Per estrarre l'RNA da un campione di dispositivo, aprire attentamente il dispositivo e rimuovere la carta da filtro. Raccogliere l'area di deposito del campione e posizionare il campione in un millilitro di LS trireagente. Dopo un'ora a temperatura ambiente con agitazione manuale delicata regolare, estrarre l'RNA dal supernatante dei tubi secondo i protocolli di estrazione standard dell'RNA. Aggiunta di due microlitri di glicogeno per facilitare la precipitazione dell'RNA secondo le raccomandazioni dei produttori.
Regolare il volume finale della resopensione dell'RNA a 50 microlitri con acqua priva di nucleasi. E preparare la soluzione di reazione master mix per i tre diversi test quantitativi PCR della transcriptasi inversa secondo la tabella. Utilizzo dei primer e delle sonde come indicato nella tabella.

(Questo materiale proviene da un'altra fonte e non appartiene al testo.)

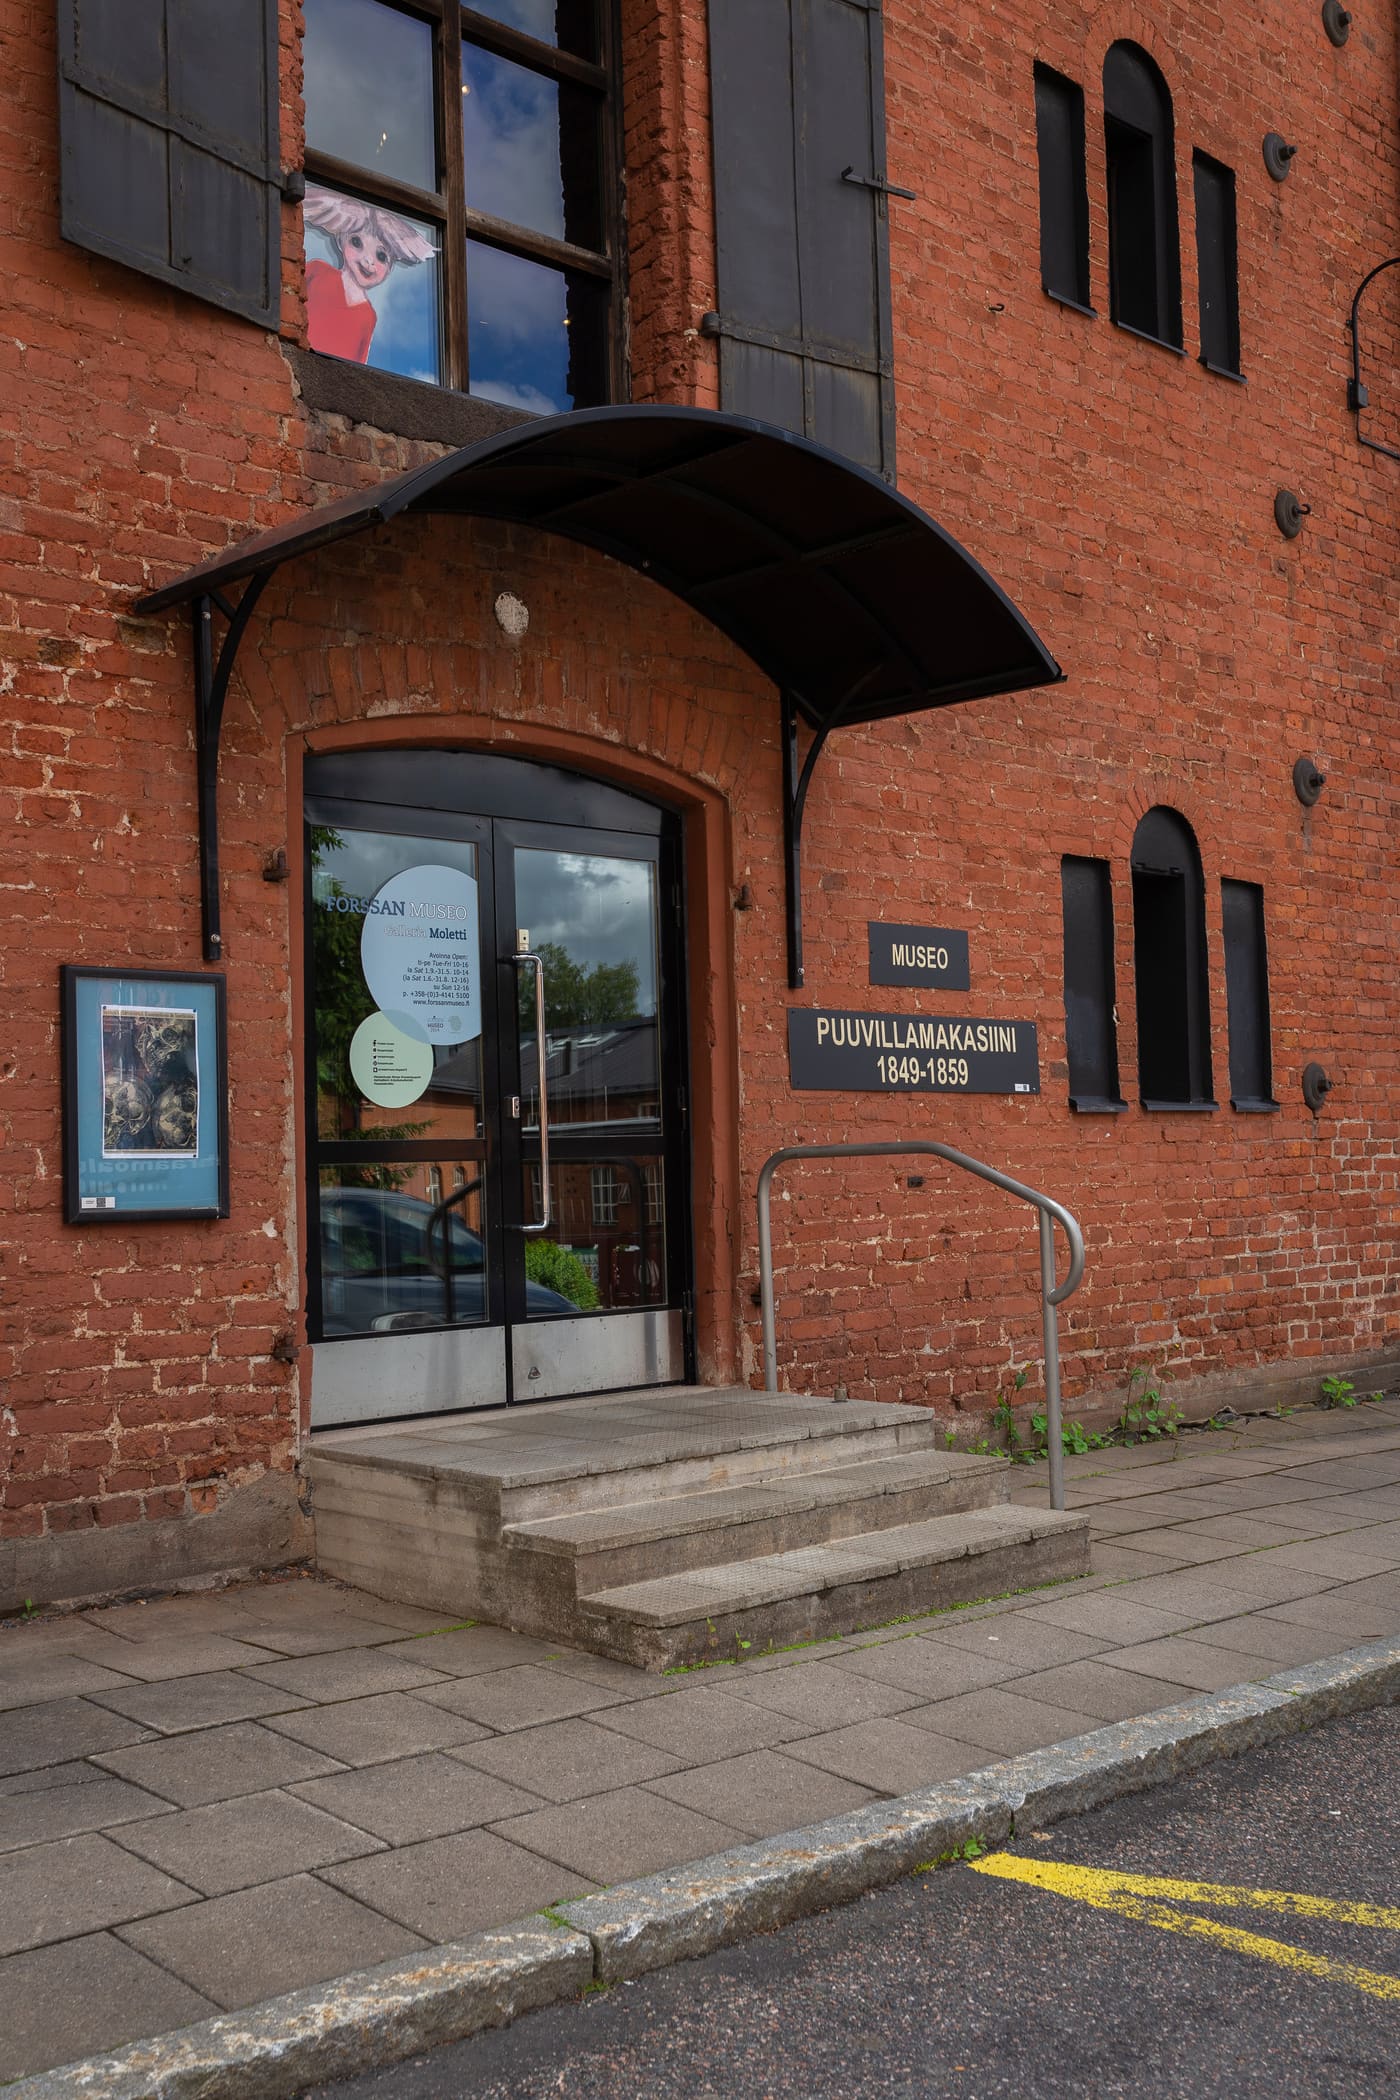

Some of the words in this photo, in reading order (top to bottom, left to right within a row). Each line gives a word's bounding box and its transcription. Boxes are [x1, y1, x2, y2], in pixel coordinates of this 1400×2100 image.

[326, 896, 405, 916] FORSSAN
[409, 902, 467, 921] MUSEO
[429, 927, 467, 940] Moletti
[429, 952, 451, 960] Avoinna
[891, 943, 948, 970] MUSEO
[816, 1017, 1017, 1053] PUUVILLAMAKASIINI
[877, 1055, 969, 1085] 1849-1859

A cinque microlitri dei campioni diluiti di RNA. E 15 microlitri di master mix a ciascuno dei tre diversi saggi in duplicato nelle 96 placche di reazione del pozzo appropriate. Aggiungere i controlli positivi e negativi appropriati per ogni saggio a ciascuna piastra in duplicato.

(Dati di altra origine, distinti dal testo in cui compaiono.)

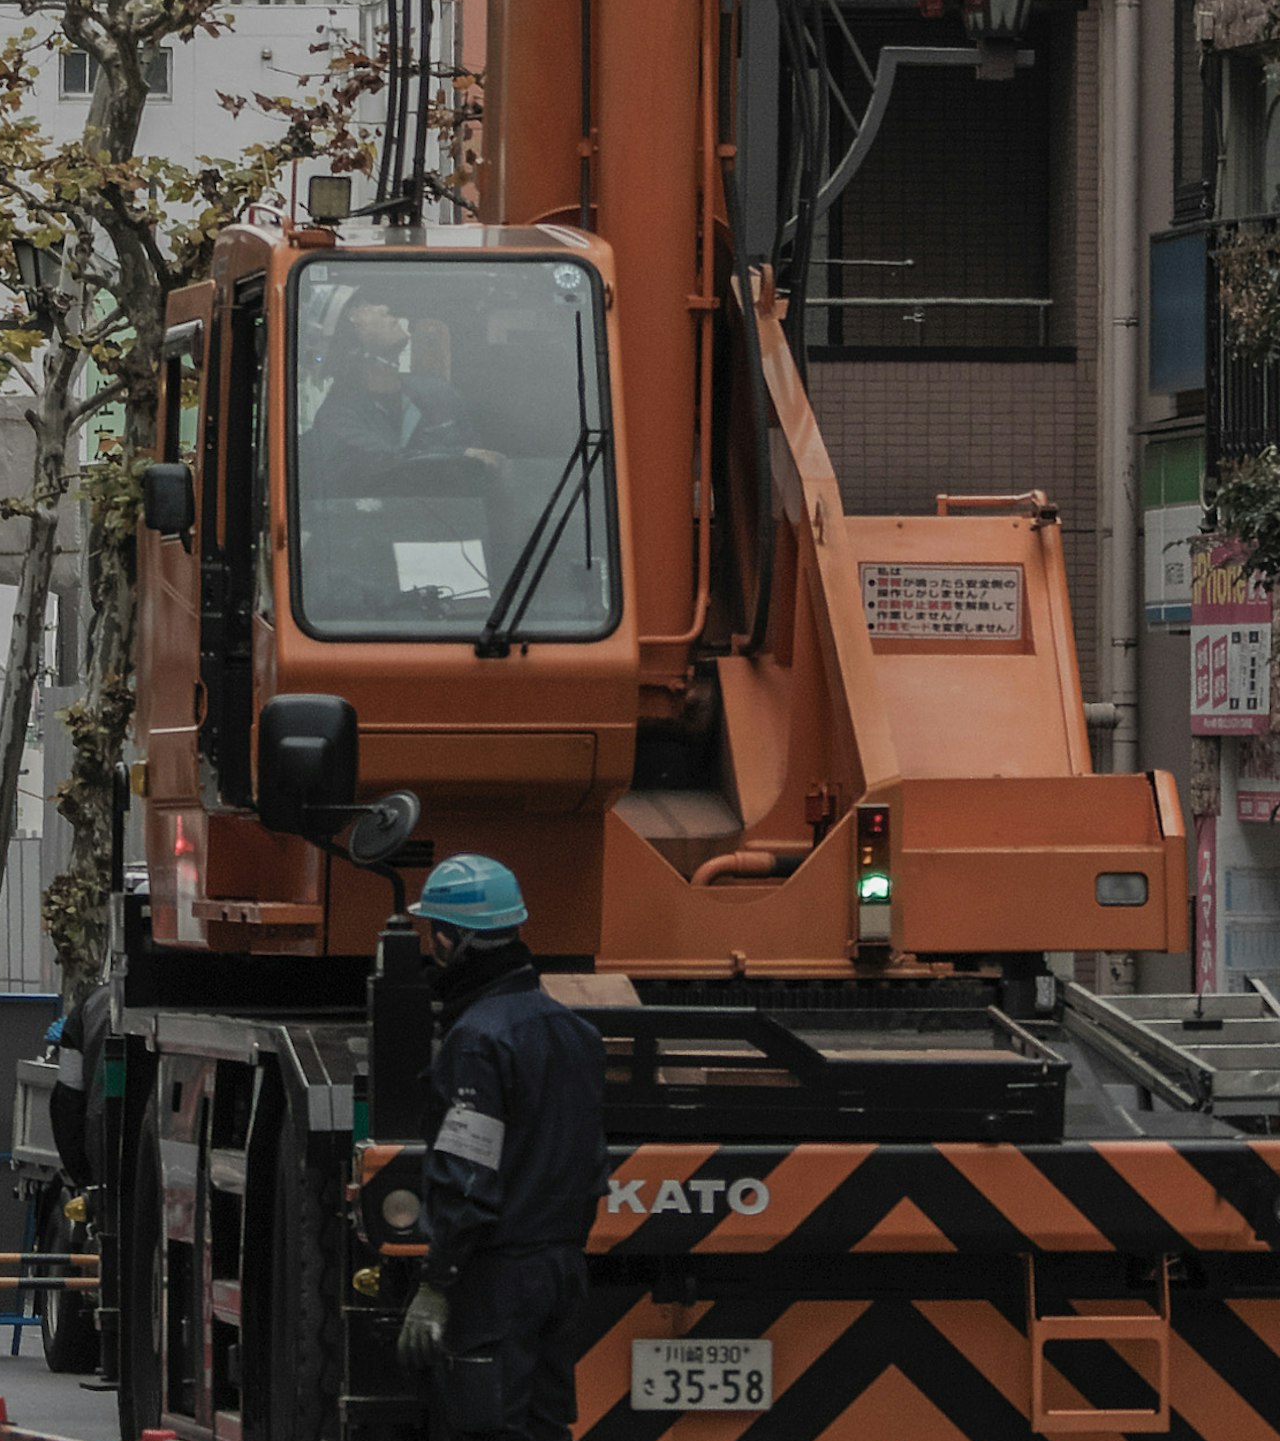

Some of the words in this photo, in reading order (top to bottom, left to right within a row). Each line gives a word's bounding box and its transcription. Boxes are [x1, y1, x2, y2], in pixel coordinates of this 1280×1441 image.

[607, 1177, 770, 1216] KATO
[706, 1346, 741, 1363] 930
[663, 1369, 764, 1405] 35-58

Quindi eseguire i diversi saggi seguendo le condizioni di ciclo termico come indicato nella tabella. I risultati possono essere analizzati come indicato nella tabella. La raccolta di una biopsia cerebrale è il più semplice possibile per garantire la raccolta di campioni di alta qualità.

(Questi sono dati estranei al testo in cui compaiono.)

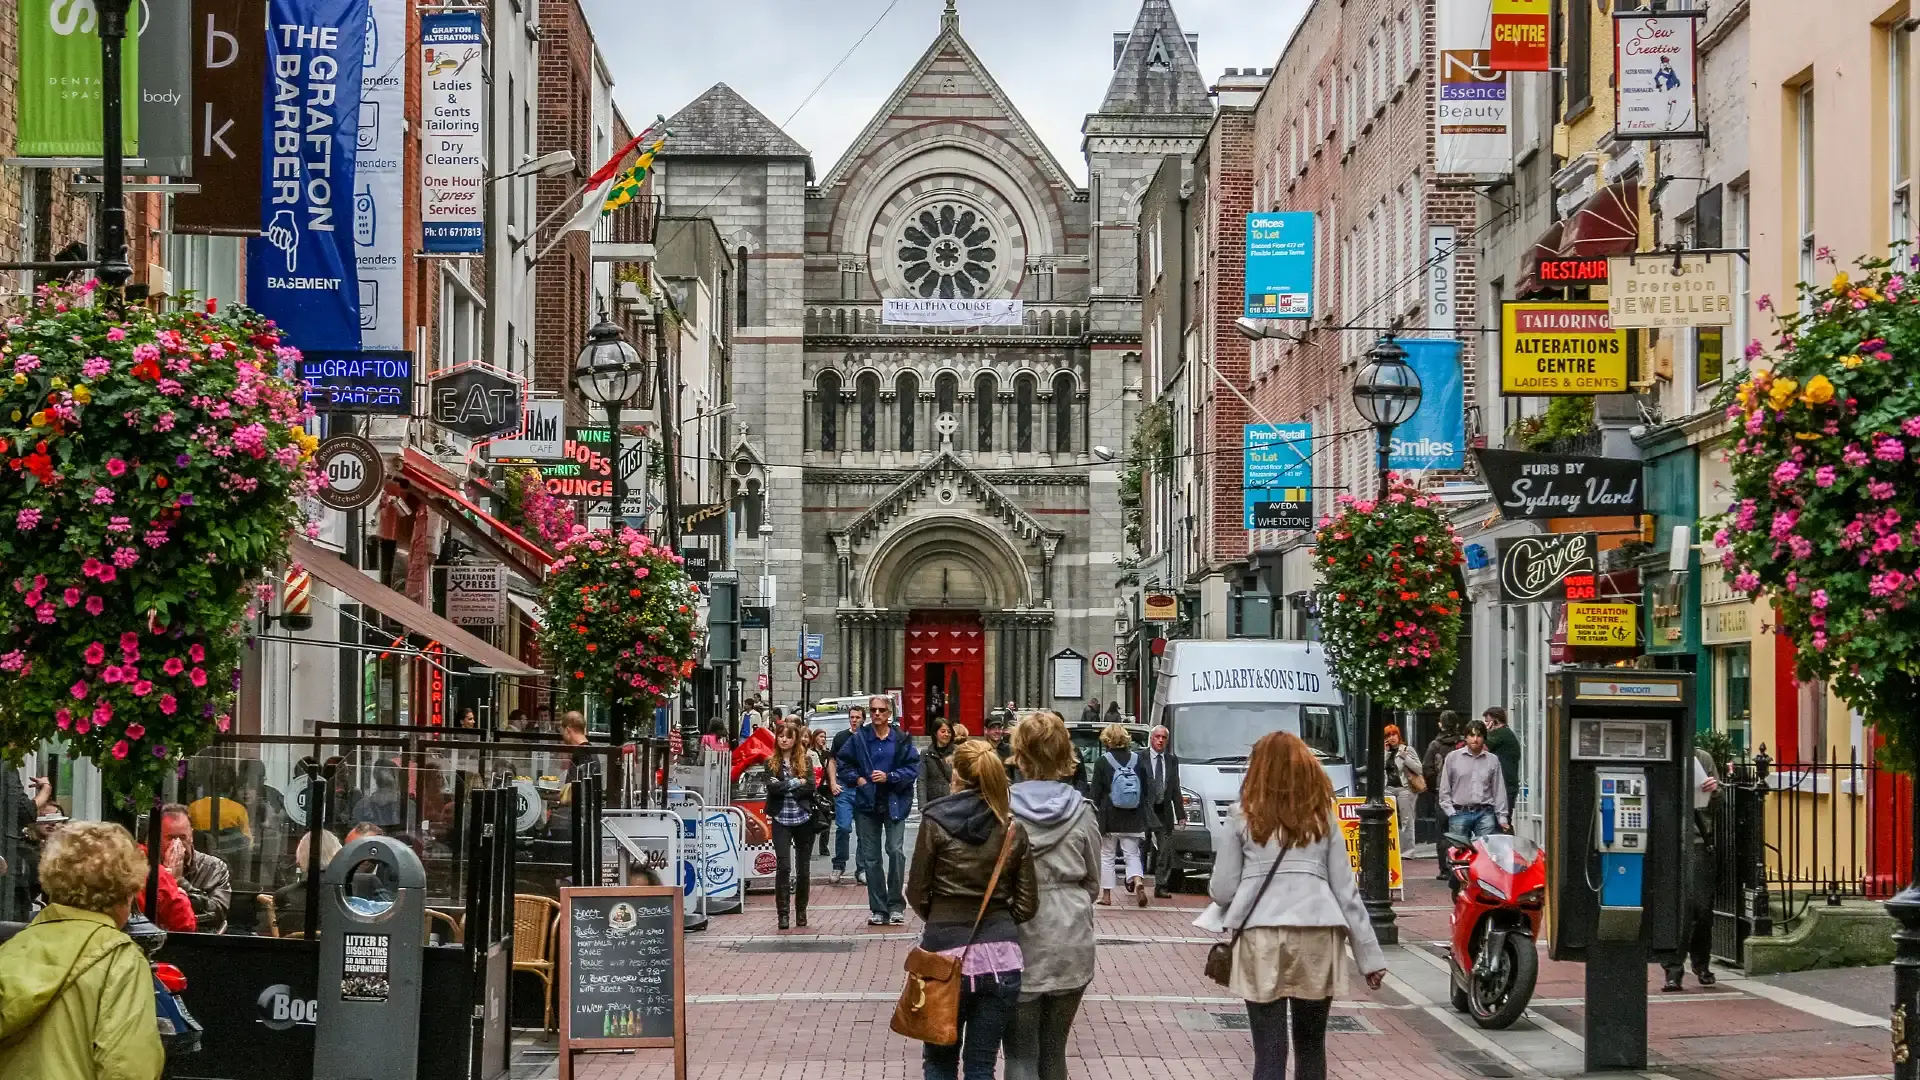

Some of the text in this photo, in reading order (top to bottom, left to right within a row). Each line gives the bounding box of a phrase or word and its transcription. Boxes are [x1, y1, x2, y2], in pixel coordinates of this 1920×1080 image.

[1495, 23, 1546, 42] CENTRE
[1636, 18, 1675, 40] Sew
[279, 24, 339, 51] THE
[424, 34, 480, 42] ALTERATIONS
[1625, 38, 1681, 56] Creative
[49, 77, 101, 85] DENTA
[432, 80, 473, 92] Ladies
[61, 91, 101, 99] SPAS
[143, 88, 182, 106] body
[447, 93, 457, 104] &
[1441, 84, 1506, 99] Essence
[434, 106, 471, 118] Gents
[1439, 104, 1504, 121] Beauty
[271, 54, 302, 206] BARBER
[424, 119, 480, 133] Tailoring
[306, 55, 338, 233] GRAFTON
[440, 140, 464, 155] Dry
[425, 153, 480, 166] Cleaners
[424, 175, 482, 188] One Hour
[428, 188, 476, 204] Xpress
[428, 204, 477, 216] Services
[1251, 218, 1285, 228] Offices
[424, 226, 482, 238] Ph: 01 6717813
[1251, 229, 1281, 240] To Let
[1540, 260, 1608, 281] RESTAUR
[1636, 262, 1705, 275] Loran
[267, 276, 341, 291] BASEMENT
[1626, 279, 1716, 294] Brereton
[888, 301, 992, 311] THE ALPHA COURSE
[1611, 294, 1731, 315] JEWELLER
[1522, 313, 1609, 330] TAILORING
[1514, 338, 1620, 354] ALTERATIONS
[323, 359, 408, 378] GRAFTON
[1536, 358, 1597, 373] CENTRE
[1514, 377, 1619, 388] LADIES & GENTS
[436, 382, 514, 427] EAT
[576, 429, 611, 443] WINE
[1249, 427, 1306, 440] Prime Retail
[320, 441, 349, 461] gourmet
[351, 442, 373, 462] burger
[1388, 437, 1454, 457] Smiles
[564, 439, 612, 476] HOES
[618, 443, 642, 481] YLIST
[1249, 452, 1279, 462] To Let
[328, 460, 362, 483] gbk
[1521, 462, 1586, 476] FURS BY
[546, 478, 613, 497] OUNGE
[330, 492, 361, 503] kitchen
[1503, 476, 1638, 515] Sydney Vard
[1268, 502, 1299, 510] AVEDA
[1257, 517, 1310, 527] WHETSTONE
[1501, 535, 1594, 599] Cave
[451, 580, 497, 592] XPRESS
[1563, 575, 1595, 586] WINE
[1566, 586, 1596, 599] BAR
[1575, 607, 1629, 615] ALTERATION
[461, 616, 496, 625] 6717813
[1585, 615, 1620, 623] CENTRE
[1097, 657, 1109, 668] 50
[1297, 671, 1320, 693] LTD
[345, 935, 389, 947] LITTER IS
[345, 946, 388, 956] DISGUSTING
[345, 957, 388, 966] SO ARE THOSE
[345, 964, 388, 973] RESPONSIBLE
[273, 992, 318, 1021] Boc
[576, 1003, 604, 1013] LUNCH

Rispetto alla tecnica di riferimento la sensibilità e la specificità del test diagnostico immunocromatografico rapido era elevata in tutti i laboratori che utilizzano questi protocolli. Sulla base del numero cumulativo di campioni testati, la sensibilità e la specificità complessive erano oltre il 95%Il test diagnostico immunocromatografico rapido è adatto per rilevare il lisavirus nelle biopsie cerebrali da animali infetti. Poiché il livello di antigeni lisavirus è importante per la diagnosi della rabbia, tuttavia, il limite di rilevamento rimane elevato quando si testano sospensioni del virus titole.
In questi risultati rappresentativi, ottenuti dopo il rilevamento dell'RNA mediante doppio panlisavirus combinato reverse transcriptase quantitative PCR targeting della polimerasi virale del lisavirus, è stato eseguito un pannello di 51 test diagnostici immunocromatografici rapidi positivi. Inoltre, la genotipizzazione potrebbe essere eseguita per quattordici dei campioni utilizzando il targeting PCR emi-annidato del gene della nucleoproteina parziale. Diagnostica ed estrazione per la striscia di prova per la genotipizzazione basata su RT PCR o per ulteriori analisi lunghe delle stringhe.
Il test di diagnosi immunocromatografica rapida può fornire una diagnosi di rabbia rapida e accurata. Che è fondamentale per mantenere la funzione d'onda nei sistemi di sorveglianza e controllo basati sulle onde continue. E minimizzare le humannne.